There are a fair number of restrictions you need to keep in mind when creating a materialized view, most of which are especially important when your MV contains a complex query - and let's face it, why else would you be creating an MV if not to contain a query with a large number of joins and/or filters.

After searching around on the net I found a list of things to consider when creating a Materialized View:
* The defining query of the materialized view cannot contain any non-repeatable expressions (ROWNUM, SYSDATE, non-repeatable PL/SQL functions, and so on).
* The query cannot contain any references to RAW or LONG RAW datatypes or object REFs.
* If the defining query of the materialized view contains set operators (UNION, MINUS, and so on), rewrite will use them for full text match rewrite only.
* If the materialized view was registered as PREBUILT, the precision of the columns must match the precision of the corresponding SELECT expressions unless overridden by the WITH REDUCED PRECISION clause.
* If the materialized view contains the same table more than once, it is possible to do a general rewrite, provided the query has the same aliases for the duplicate tables as the materialized view.
* If a query has both local and remote tables, only local tables will be considered for potential rewrite.
* Neither the detail tables nor the materialized view can be owned by SYS.
* SELECT and GROUP BY lists, if present, must be the same in the query of the materialized view.
* Aggregate functions must occur only as the outermost part of the expression.

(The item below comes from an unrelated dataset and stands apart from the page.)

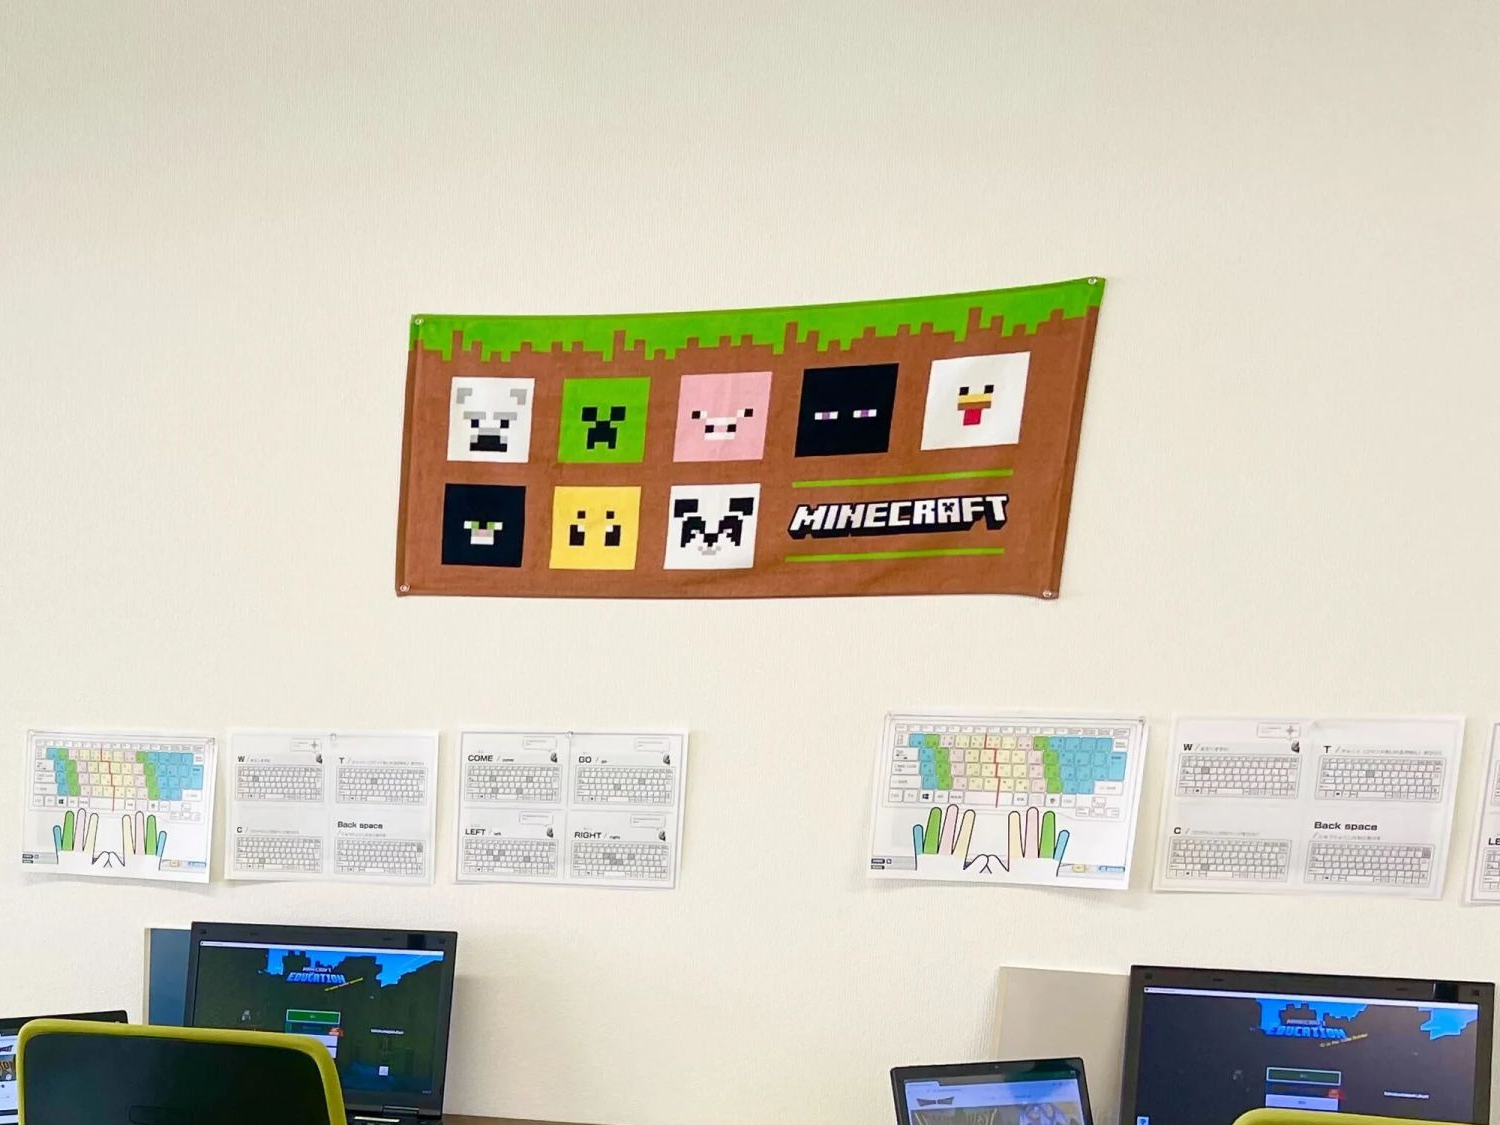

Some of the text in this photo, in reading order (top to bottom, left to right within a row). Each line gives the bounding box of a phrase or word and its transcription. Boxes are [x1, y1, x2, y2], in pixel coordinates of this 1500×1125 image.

That is, aggregates such as AVG(AVG(x)) or AVG(x)+ AVG(x) are not allowed.
* CONNECT BY clauses are not allowed.

If you specify REFRESH FAST, Oracle performs further verification of the query definition to ensure that fast refresh can be performed if any of the detail tables change. These additional checks are:
* A materialized view log must be present for each detail table.
* The rowids of all the detail tables must appear in the SELECT list of the materialized view query definition.
* If there are no outer joins, you may have arbitrary selections and joins in the WHERE clause. However, if there are outer joins, the WHERE clause cannot have any selections. Further, if there are outer joins, all the joins must be connected by ANDs and must use the equality (=) operator.
* If there are outer joins, unique constraints must exist on the join columns of the inner table. For example, if you are joining the fact table and a dimension table and the join is an outer join with the fact table being the outer table, there must exist unique constraints on the join columns of the dimension table.

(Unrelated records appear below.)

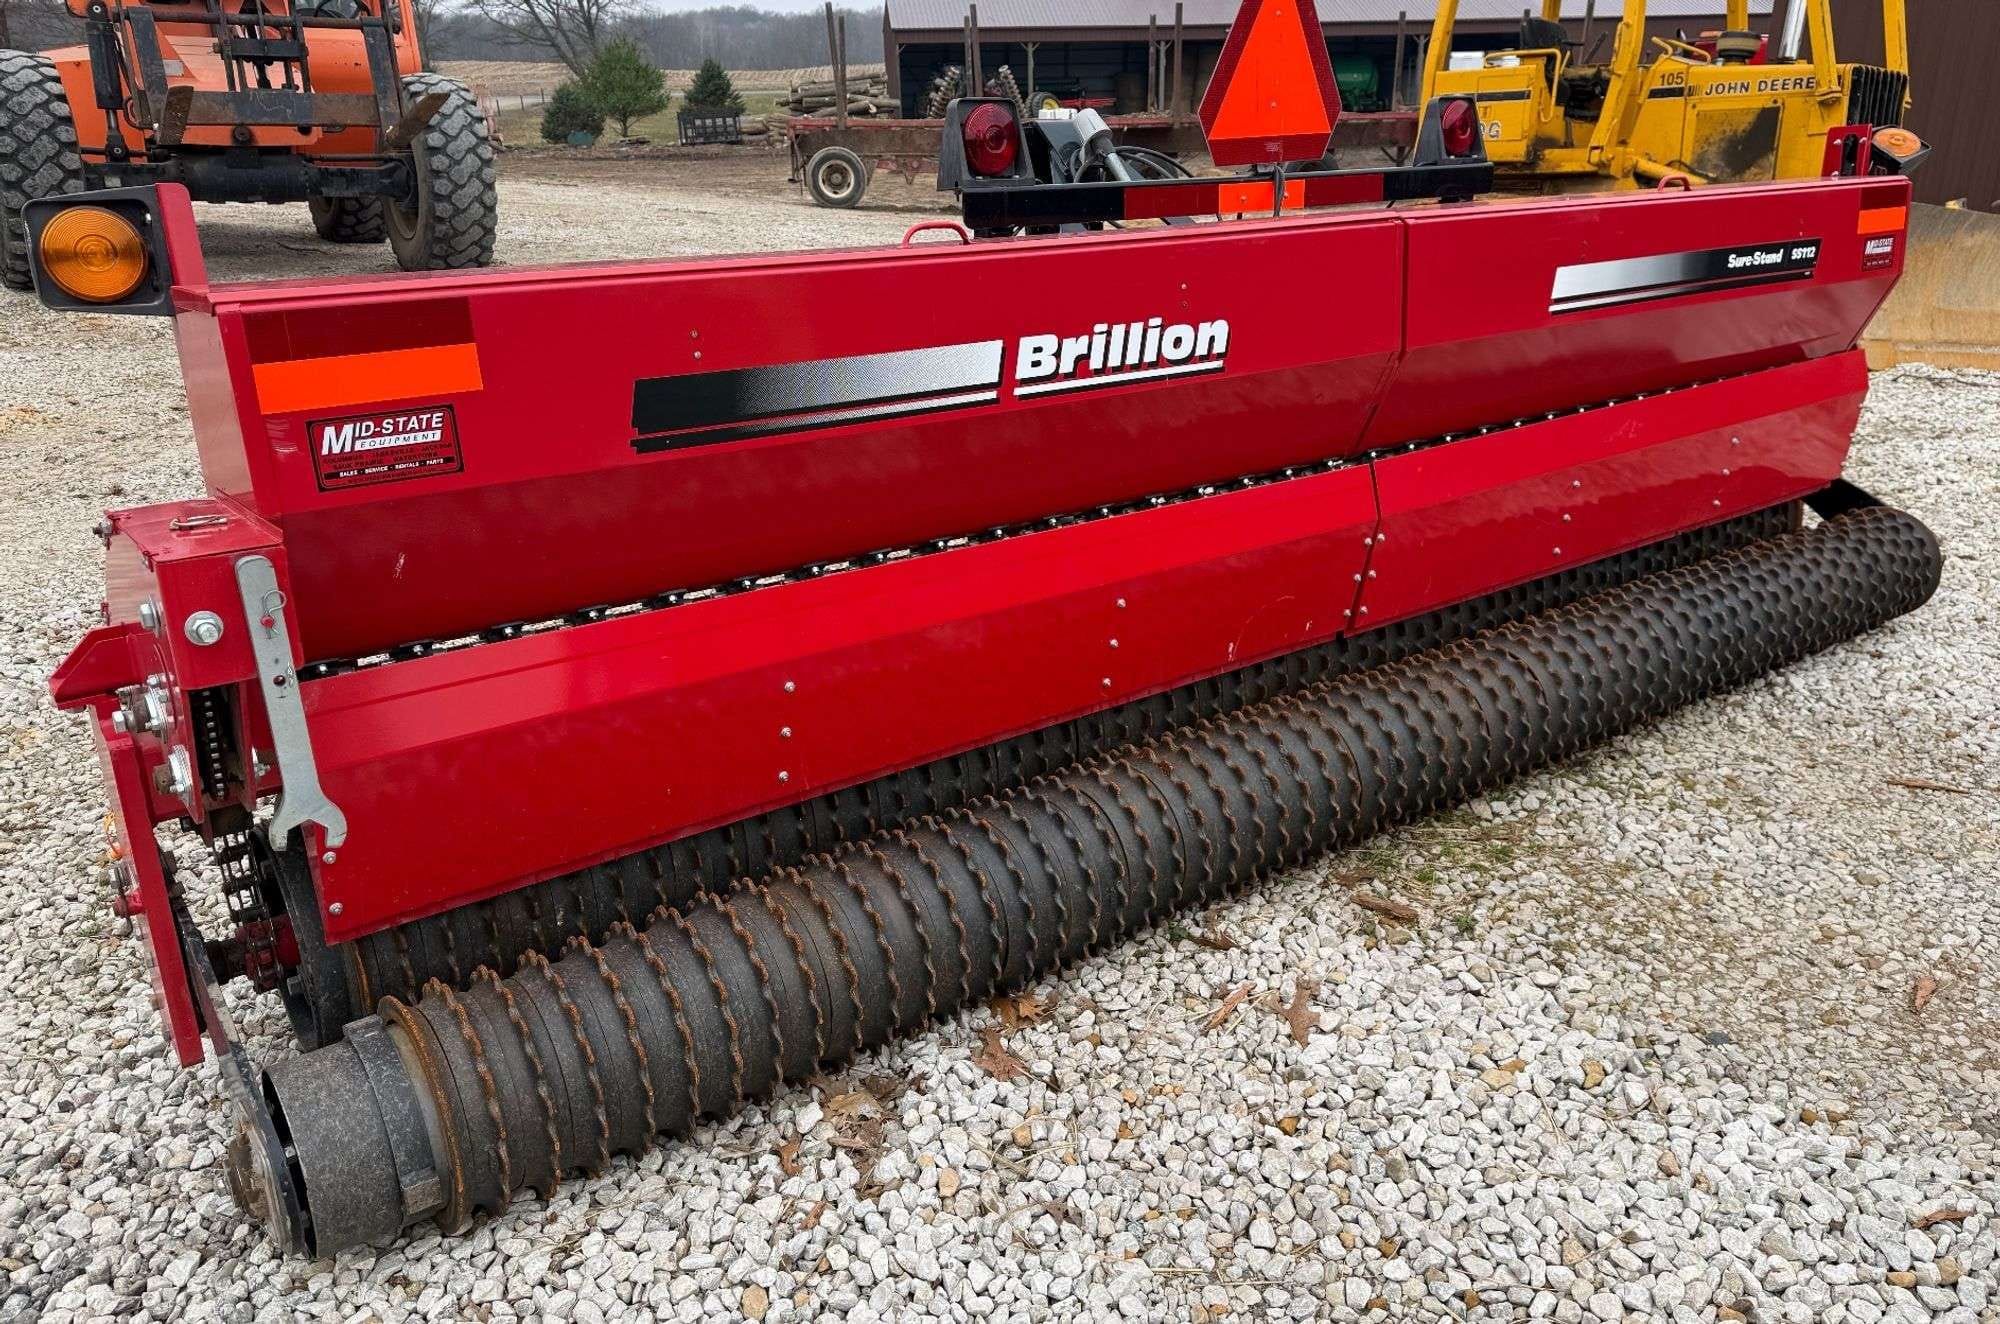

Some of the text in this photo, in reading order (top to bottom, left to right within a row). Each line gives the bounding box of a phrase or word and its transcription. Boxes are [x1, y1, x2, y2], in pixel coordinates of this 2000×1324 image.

[1659, 71, 1684, 87] 105
[1704, 76, 1817, 96] JOHN DEERE
[1015, 317, 1230, 382] Brillion
[321, 412, 443, 455] MID-STATE
[359, 431, 438, 449] EQUIPMENT
[339, 470, 358, 478] SALES
[364, 465, 388, 474] SERVICE
[394, 461, 419, 470] RENTALS
[425, 458, 444, 466] PARTS

If some of these restrictions are not met, you can create the materialized view as REFRESH FORCE to take advantage of fast refresh when it is possible. If one of the tables did not meet all of the criteria, but the other tables did, the materialized view would still be fast refreshable with respect to the other tables for which all the criteria are met.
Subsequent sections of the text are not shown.